**What to do**.
The answer must be a single number: how many lines in the records below contain the word "VIVA".

**Records for the exercise**.
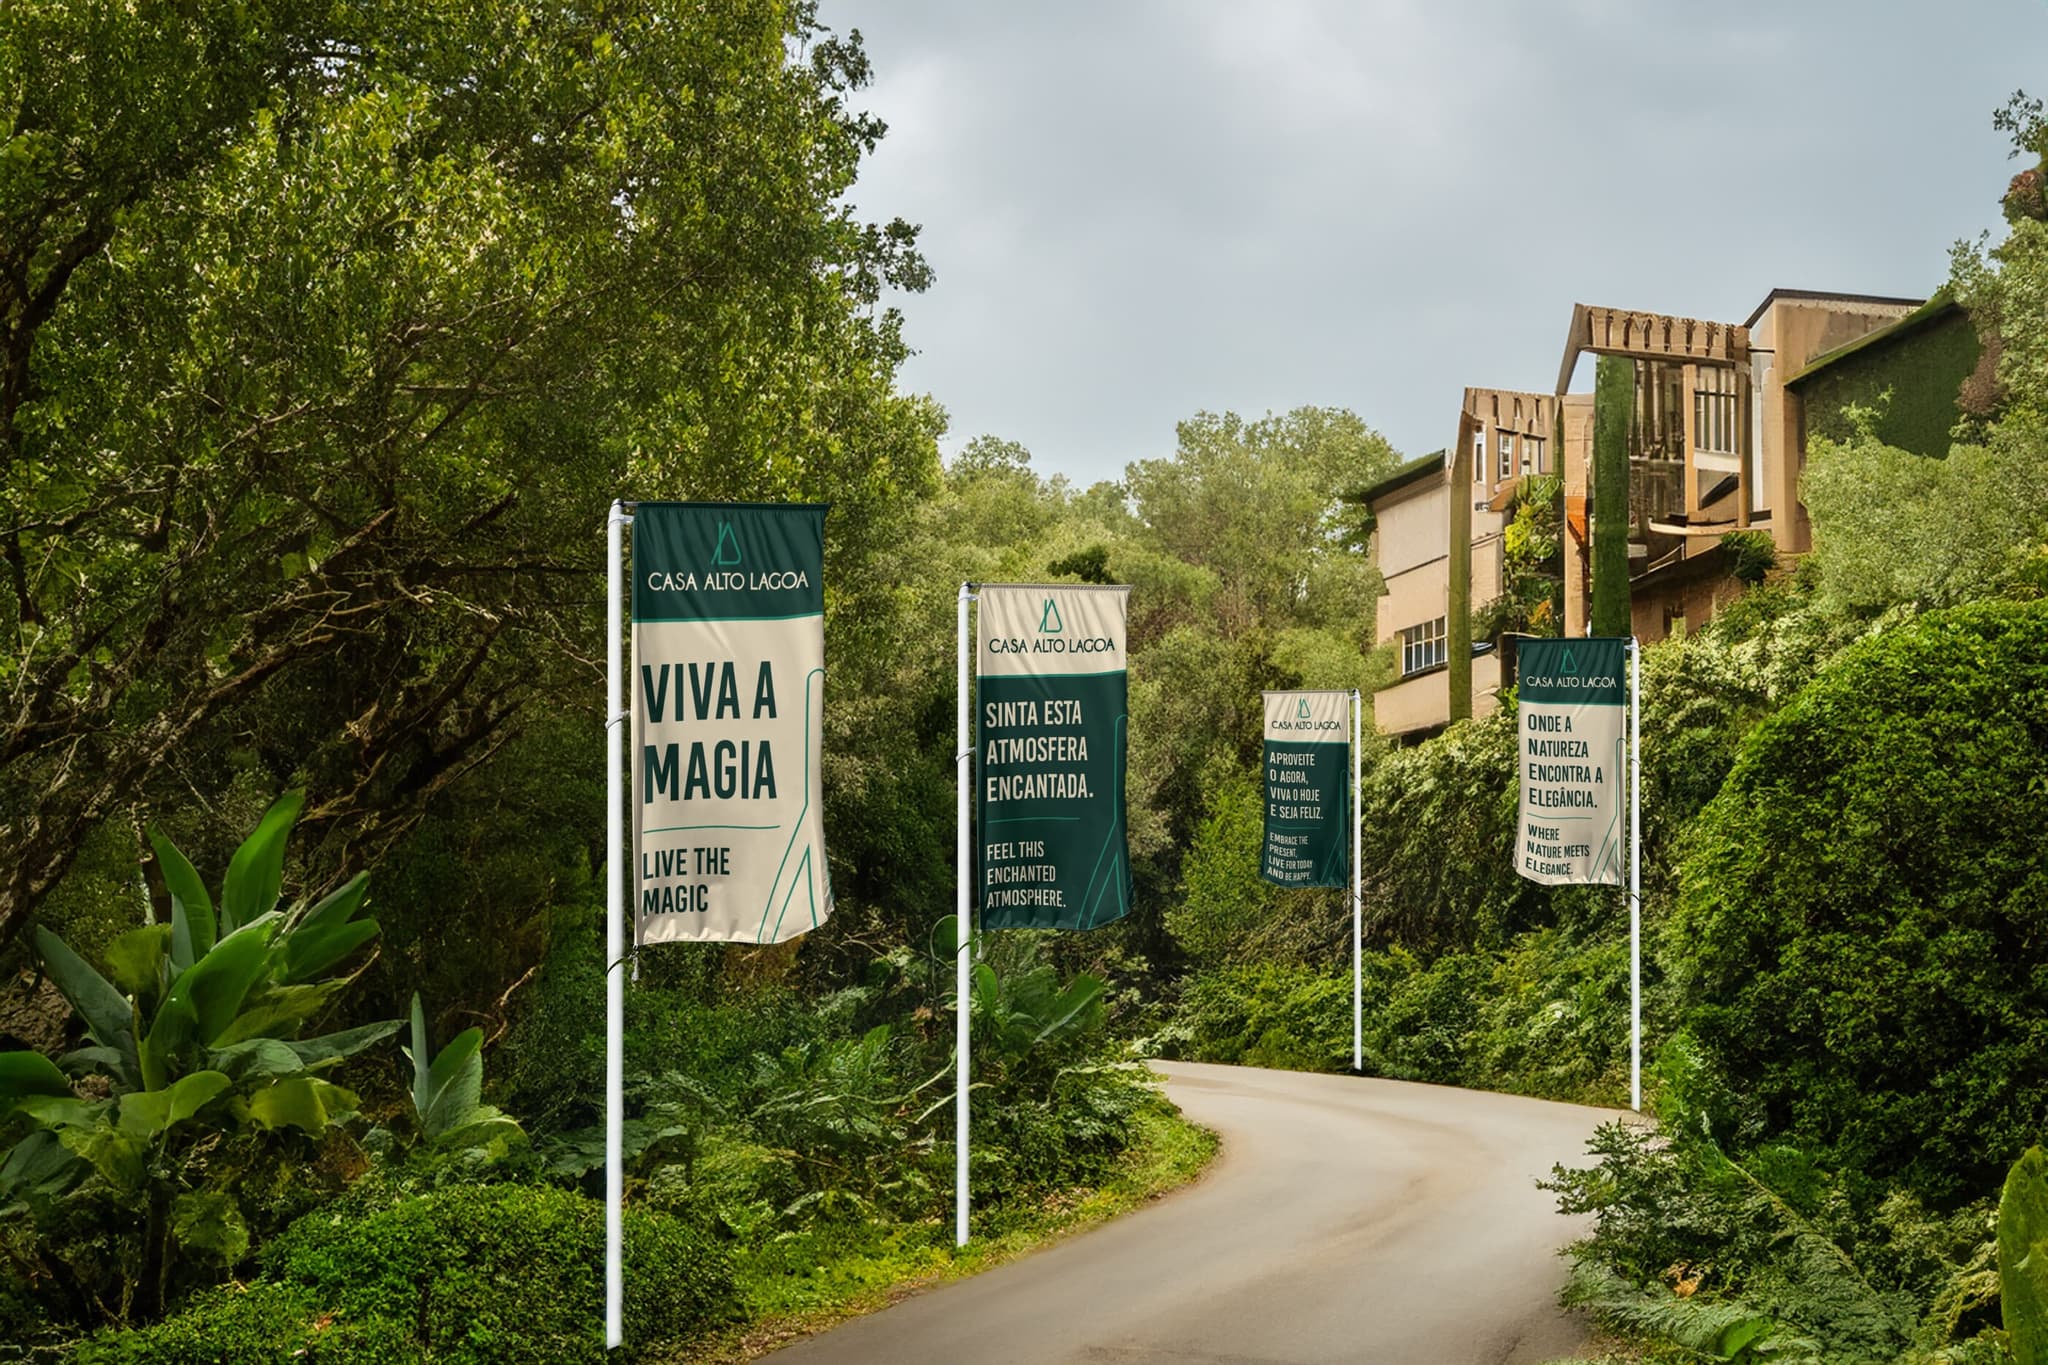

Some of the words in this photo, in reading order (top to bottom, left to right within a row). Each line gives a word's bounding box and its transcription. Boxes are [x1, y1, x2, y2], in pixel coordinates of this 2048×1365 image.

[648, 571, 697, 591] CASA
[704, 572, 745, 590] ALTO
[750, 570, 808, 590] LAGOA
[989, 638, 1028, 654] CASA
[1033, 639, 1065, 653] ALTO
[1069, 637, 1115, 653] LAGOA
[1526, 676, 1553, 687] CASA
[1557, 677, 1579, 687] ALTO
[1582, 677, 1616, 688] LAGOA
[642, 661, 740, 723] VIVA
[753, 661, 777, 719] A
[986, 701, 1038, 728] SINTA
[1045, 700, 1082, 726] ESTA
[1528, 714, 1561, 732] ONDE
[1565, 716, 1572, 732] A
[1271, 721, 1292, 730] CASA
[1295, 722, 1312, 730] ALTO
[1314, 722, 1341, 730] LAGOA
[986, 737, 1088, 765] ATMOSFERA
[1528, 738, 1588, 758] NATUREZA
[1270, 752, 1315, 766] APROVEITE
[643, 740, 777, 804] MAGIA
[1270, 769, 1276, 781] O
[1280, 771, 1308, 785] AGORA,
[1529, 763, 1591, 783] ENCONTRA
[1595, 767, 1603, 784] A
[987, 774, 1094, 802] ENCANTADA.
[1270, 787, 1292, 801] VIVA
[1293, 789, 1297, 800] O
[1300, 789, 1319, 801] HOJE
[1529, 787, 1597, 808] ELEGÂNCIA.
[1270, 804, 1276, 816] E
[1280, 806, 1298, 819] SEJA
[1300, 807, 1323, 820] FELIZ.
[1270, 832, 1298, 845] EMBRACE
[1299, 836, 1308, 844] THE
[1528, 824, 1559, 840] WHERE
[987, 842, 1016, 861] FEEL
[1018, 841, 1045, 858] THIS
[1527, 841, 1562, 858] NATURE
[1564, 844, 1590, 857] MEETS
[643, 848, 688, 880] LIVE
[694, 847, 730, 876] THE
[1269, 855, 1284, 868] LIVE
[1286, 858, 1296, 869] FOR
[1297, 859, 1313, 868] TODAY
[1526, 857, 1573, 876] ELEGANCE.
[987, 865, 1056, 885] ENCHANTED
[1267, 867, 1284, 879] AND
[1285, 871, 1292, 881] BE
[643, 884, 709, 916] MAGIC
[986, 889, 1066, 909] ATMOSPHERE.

**Exercise result**.
2